My name is Kate and I’m a semi-professional knitting pattern writer and needlework designer who also happens to have a Ph.D. in nineteenth-century British literature.
After receiving my degree several years ago, and facing a job market that was grim even before our current economic downturn, I got a job as a pattern writer working for a well-known knitting designer here in Los Angeles. We worked on four books altogether and I eventually wrote over a hundred knitting patterns for her boutique and her line of specialty yarns. She decided to focus on the high-fashion side of her business and I was left with a lot of fond memories as well as a hard-won set of pattern-writing skills and knitting knowledge that I was eager to expand upon.
Working with this designer inspired me to start designing my own knits and to rededicate myself to all the handcrafts I enjoy so much, especially needlework and quilting (I’m just a beginner quilter so be patient). Please check out my Etsy shop, Moon & Sixpence Knits, for some colorful knitted accessories and patterns. I have also launched my own fledgling (extremely fledgling) needlework design company, Wordsmith Designs, which also has an Etsy shop. My needlework designs draw their inspiration from literary sources and many are based on the aesthetics of the nineteenth-century Arts and Crafts movement.
However, that certainly doesn’t mean my tastes are stuck in the nineteenth century! I hope that cross stitch and other needlework will soon experience the same kind of popular and stylistic renaissance currently enjoyed by knitting. Needlework can also be sophisticated and current, and, for the sake of this craft we love so well, we should all work together to bring it (kicking and screaming, if necessary) into the 21st century. I strive to create and design for intelligent, modern stitchers of all ages and both sexes.

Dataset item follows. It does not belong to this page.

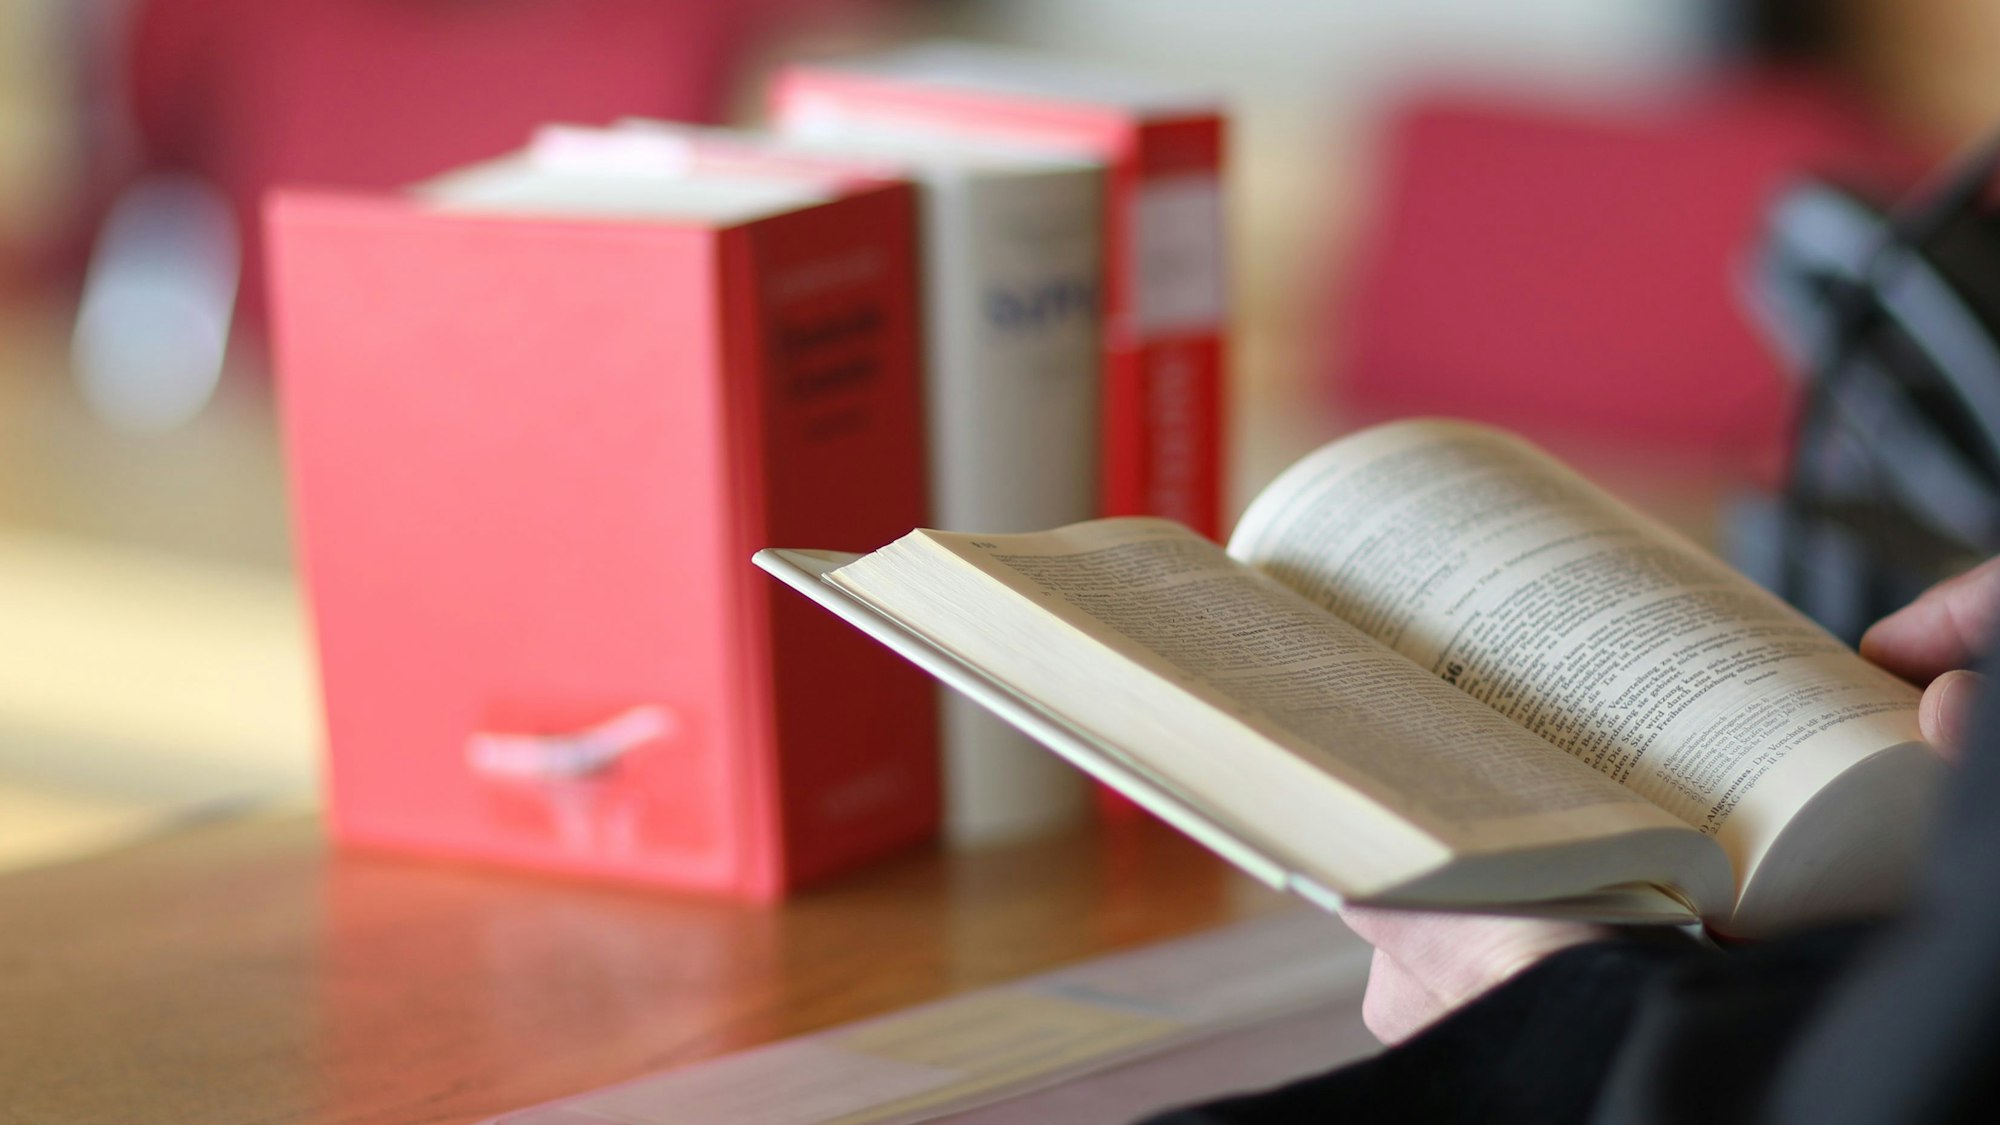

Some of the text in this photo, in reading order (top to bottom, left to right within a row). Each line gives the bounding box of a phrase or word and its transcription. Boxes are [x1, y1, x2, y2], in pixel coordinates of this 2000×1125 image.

I continue to be inspired by both crafts equally, as well as by crochet, sewing, needlepoint, beading, and just about any paper, fabric or fiber craft you can think of. In particular, I love projects that combine two or more of these different crafts.
About the Name of this Blog
The name of this blog, “The Lyf So Short,” comes from the first lines of Geoffrey Chaucer’s poem “The Parlement of Foules”:
The lyf so short, the craft so longe to lerne
Th’assay so hard, so sharp the conquerynge,
The dredful joye, alwey that slit so yerne,
All this mene I by love…
The first part — “The lyf so short, the craft so long to lerne”– reminds us all that although life is short, refining our craft is an endless process, but that means we’ll never run out of something new to discover. I used to get a little depressed thinking about all the unfinished projects I’d never get around to, but now I think that’s infinitely preferable to the opposite, running out of projects before I run out of time.

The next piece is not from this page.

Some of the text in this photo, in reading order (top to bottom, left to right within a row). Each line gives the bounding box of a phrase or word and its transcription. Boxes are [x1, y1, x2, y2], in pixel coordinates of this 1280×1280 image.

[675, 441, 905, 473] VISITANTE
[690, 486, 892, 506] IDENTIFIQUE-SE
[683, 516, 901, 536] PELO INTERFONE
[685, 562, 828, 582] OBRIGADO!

On the other hand, the second line — “Th’assay so hard, so sharp the conquerynge” — reminds me that mastering that next knitting technique or finishing that next seemingly endless stitching project only comes through hard-won effort. And the “dredful joye” of conquering our craft is as sharp and slight as that of love itself. [Apologies for the stuffy discussion of poetry — I get carried away sometimes]

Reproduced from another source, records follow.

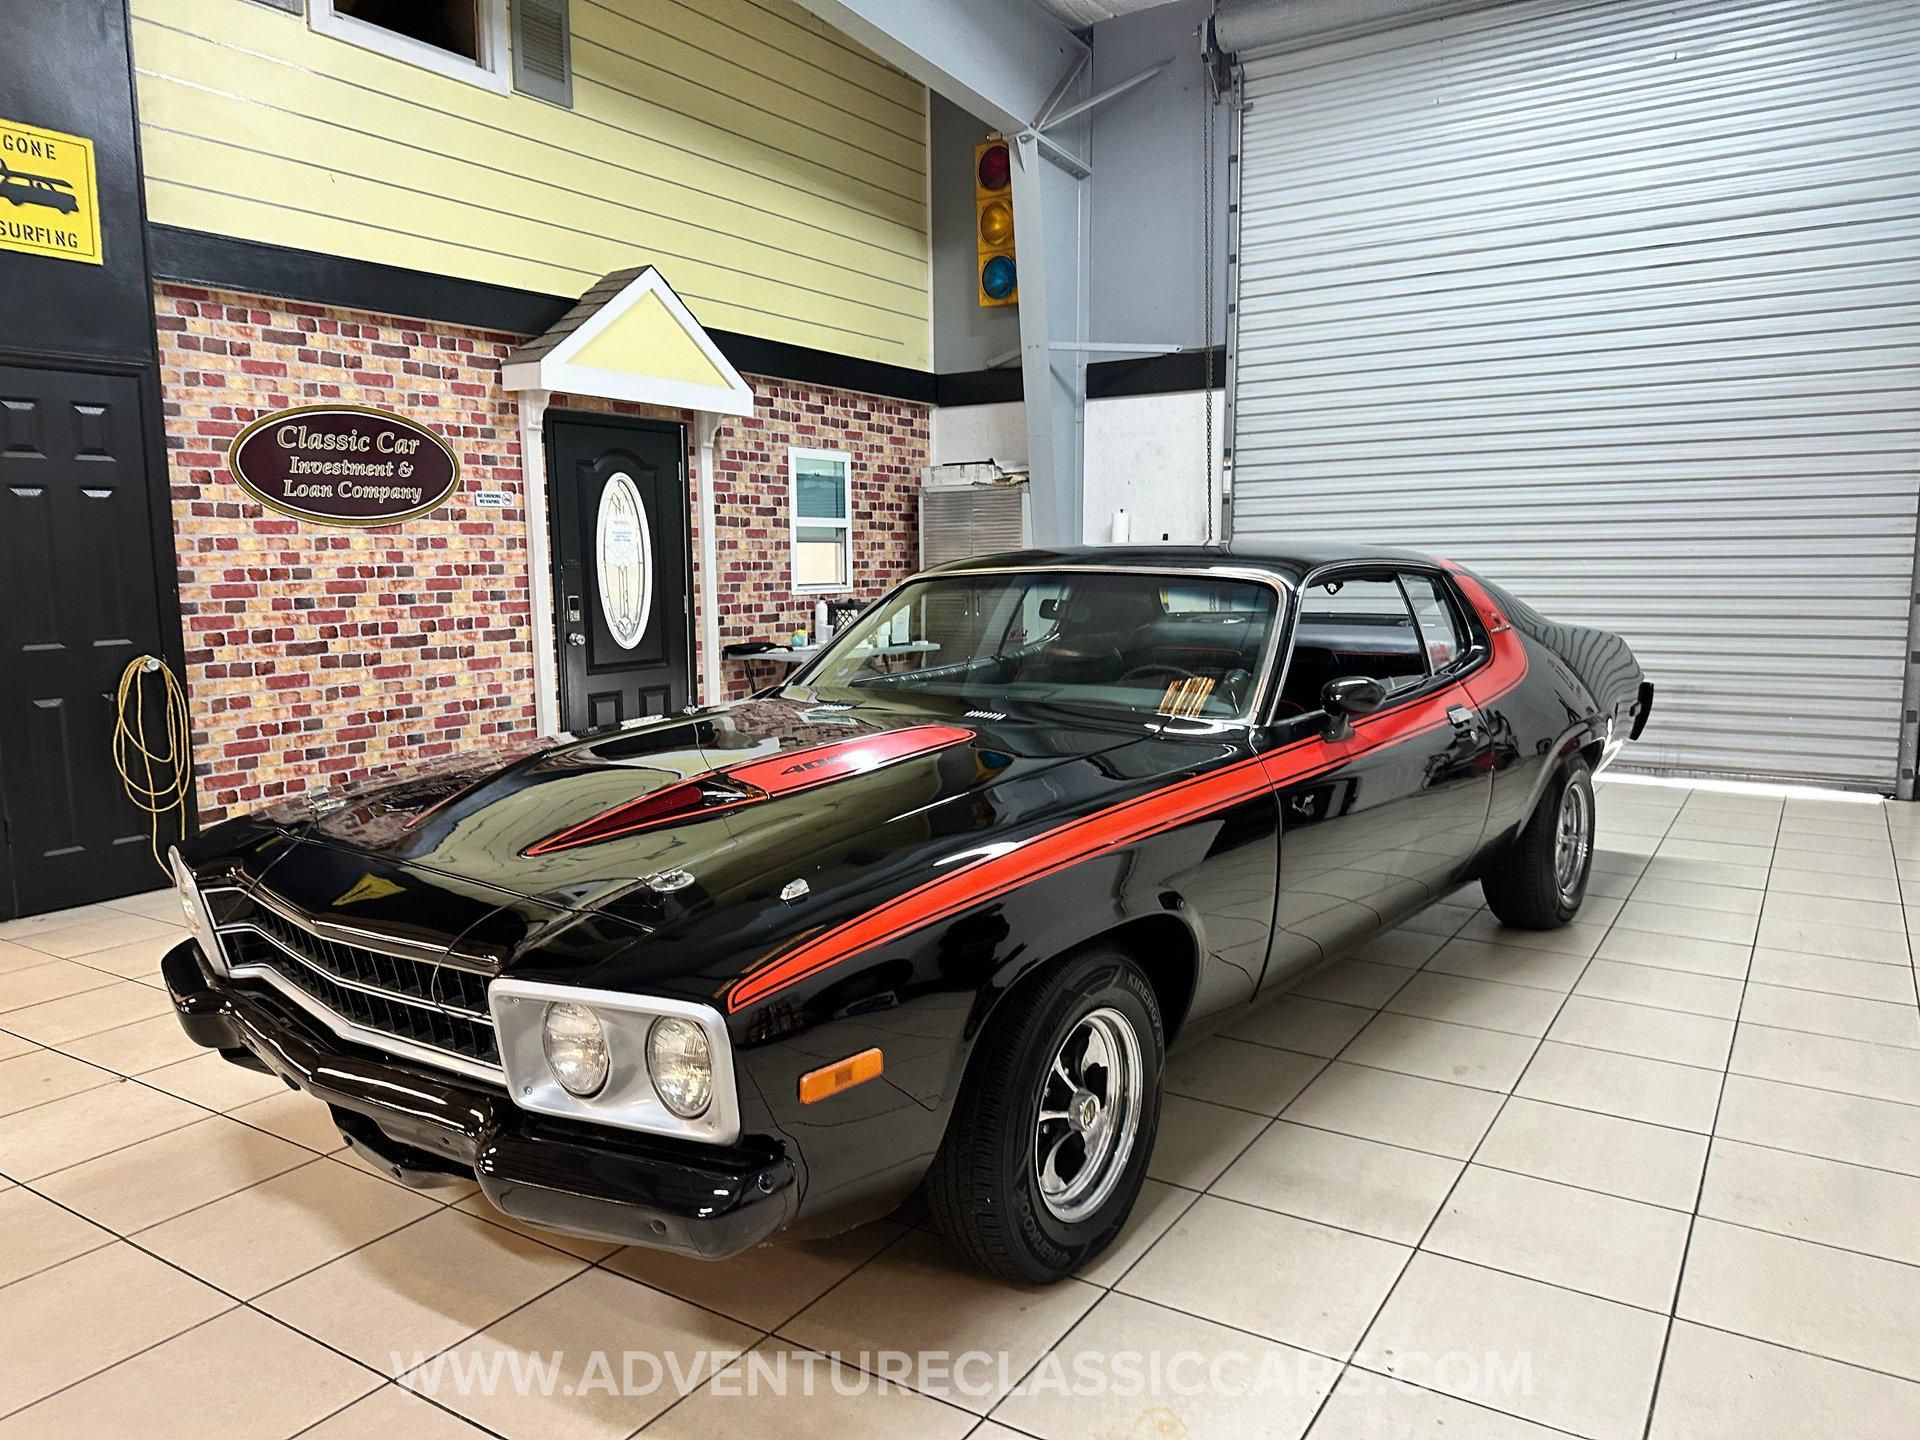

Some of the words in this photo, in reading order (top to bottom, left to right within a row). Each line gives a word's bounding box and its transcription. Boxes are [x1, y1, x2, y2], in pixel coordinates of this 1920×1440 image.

[3, 134, 56, 160] GONE
[277, 425, 370, 452] Classic
[376, 431, 420, 454] Car
[289, 455, 394, 477] Investment
[398, 461, 414, 478] &
[283, 479, 333, 498] Loan
[337, 481, 422, 504] Company
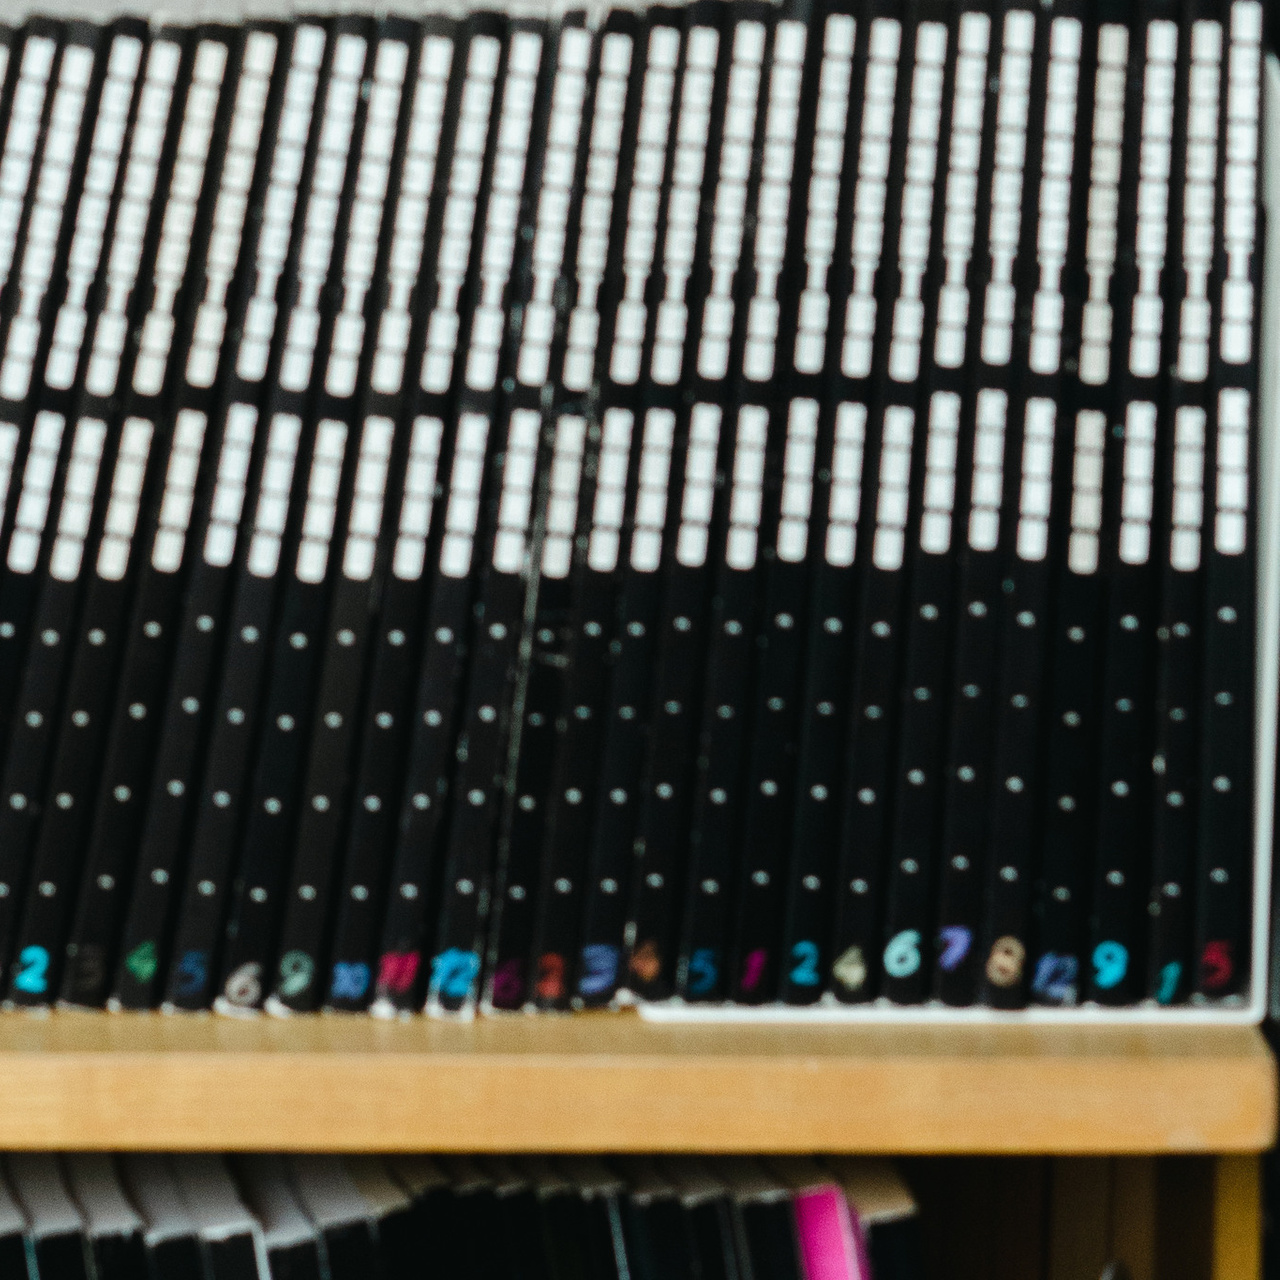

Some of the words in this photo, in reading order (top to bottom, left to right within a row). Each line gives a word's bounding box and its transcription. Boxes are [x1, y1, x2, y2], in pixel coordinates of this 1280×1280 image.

The first line of the poem was also, famously, the motto of The Craftsman, the journal of the British Arts and Crafts movement of the late nineteenth and early twentieth centuries. I’ve long admired the Arts and Crafts aesthetic which embraced and celebrated handmade objects in the face of an increasingly industrial world. I also figured this was a good name for a stitching blog since we all seem to have more stash than we could ever handle, and there always seems to be “just one more technique” on the horizon to master.
Happy Stitching to all of you! I look forward to hearing from you.